His Hollywood breakthrough came in 1950’s No Way Out, which saw Poitier play a doctor treating a bigoted Caucasian patient. It got noticed, and led to a slow rise in the prominence of his roles, which were not offered to other Black actors of the time.
Poitier’s historic Academy Award for Best Actor came 13 years later after he played an itinerant worker in Lilies of the Field who encounters a group of East German nuns in the Arizona desert. Following an introduction, the nuns believe Poitier’s character to be sent from God to build them a chapel.

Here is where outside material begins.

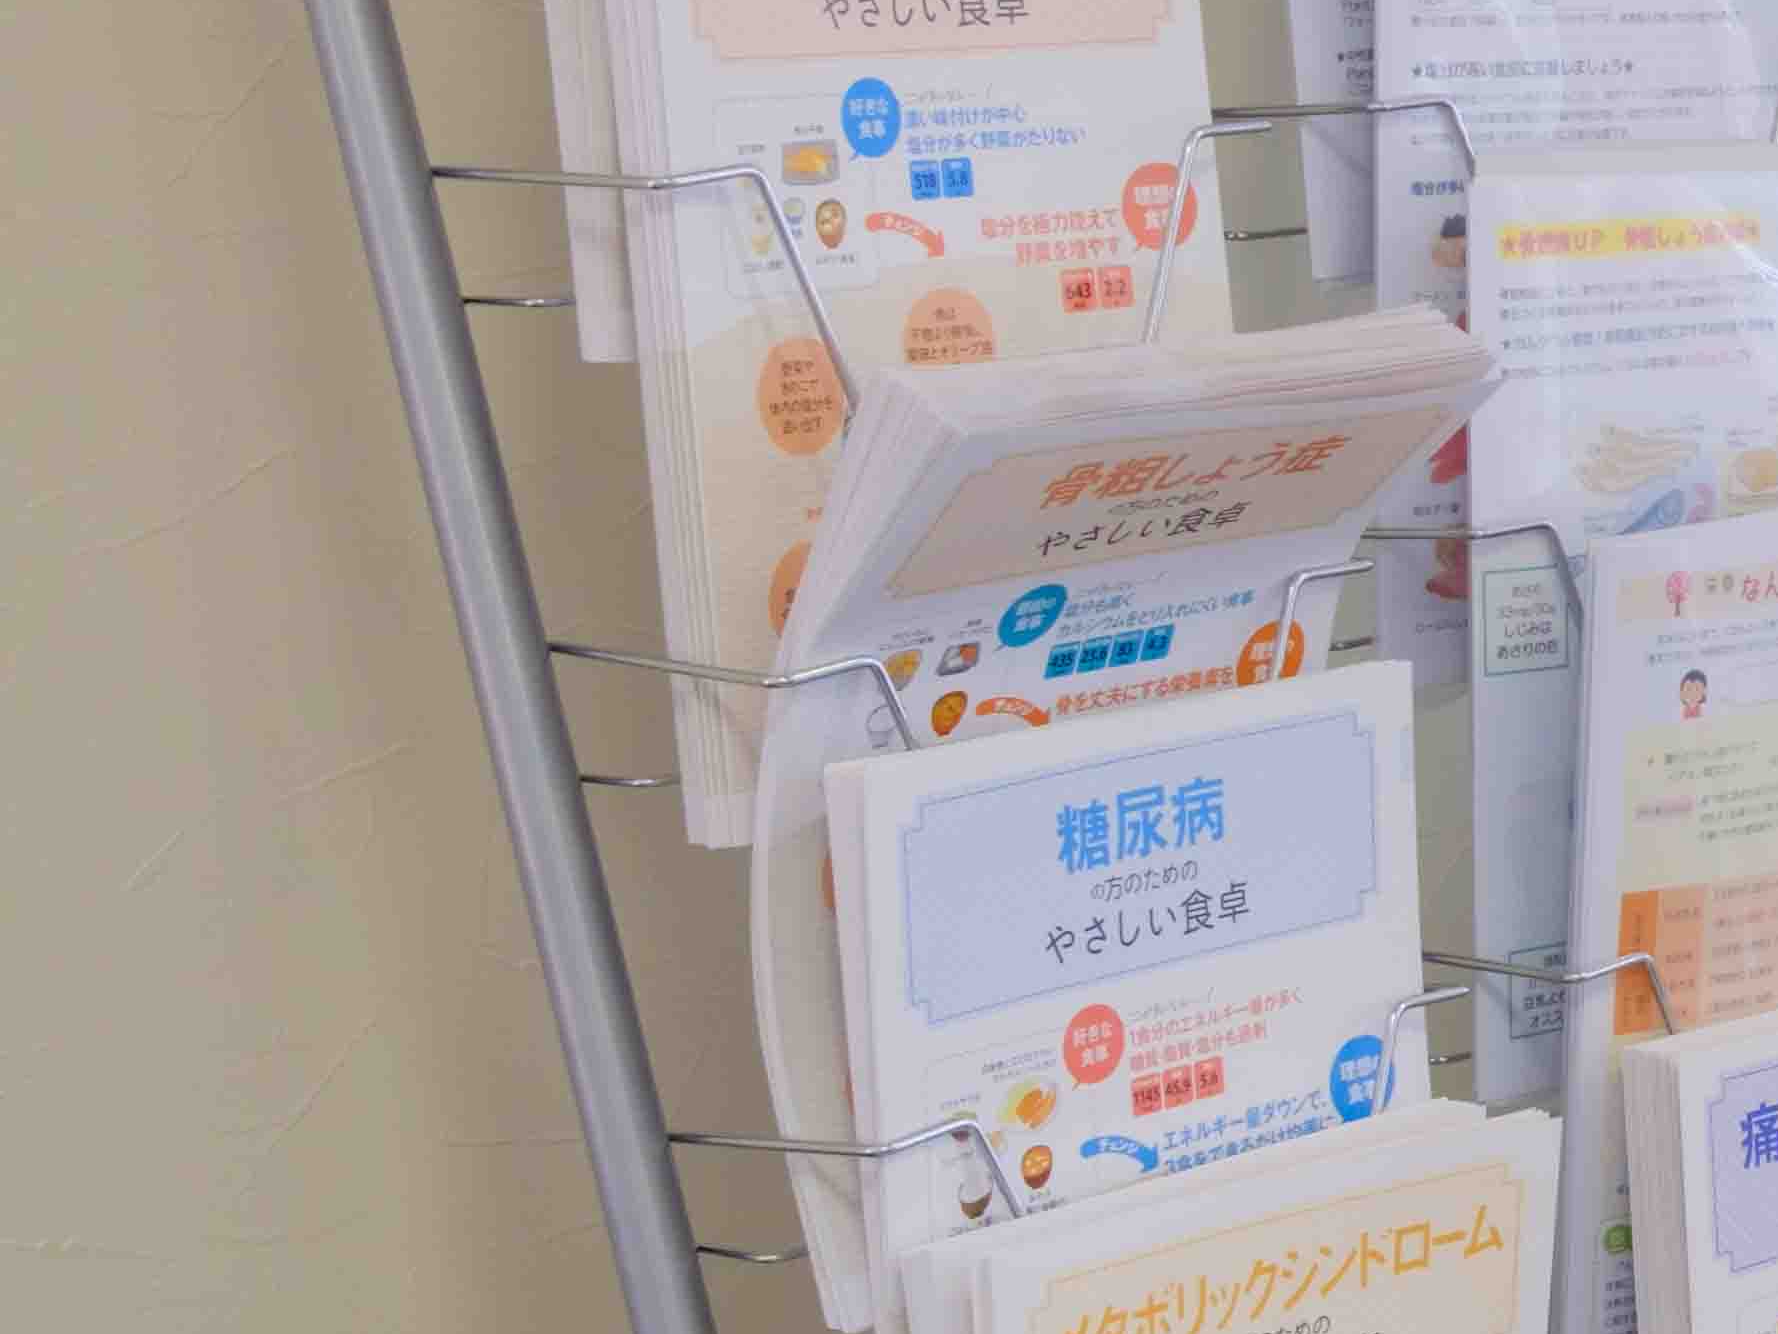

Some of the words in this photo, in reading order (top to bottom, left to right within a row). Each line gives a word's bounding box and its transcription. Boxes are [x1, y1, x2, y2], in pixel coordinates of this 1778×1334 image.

With the award, he became the second Black person to ever win an Academy Award, following Hattie McDaniel’s Best Supporting Actress for playing Mammy in 1939’s Gone with the Wind.
Before the Academy Award win, Poitier also received two Golden Globe nominations for roles in 1959’s Porgy and Bess and the 1961 film adaptation of the play A Raisin in the Sun. He also starred in the theater version, which premiered on Broadway in 1959.
Arguably his most successful character was Philadelphia detective Virgil Tibbs, who first appears in the 1967 film, In the Heat of the Night, where he travels to the deep South to investigate a murder.
Throughout his career, Poitier was kept out of romantic roles, but with those he did get, it allowed audiences across the U.S. and world to see Black people in popular culture beyond servitude. In acting and directing, the themes of his films often explored and reflected the changing racial relations of the U.S.
For his career, Poitier was granted an honorary knighthood by Queen Elizabeth II in 1974 and given a Presidential Medal of Freedom by President Barack Obama in 2009, among a plethora of other worldwide recognitions.
In short, he was an icon and someone who will never be forgotten.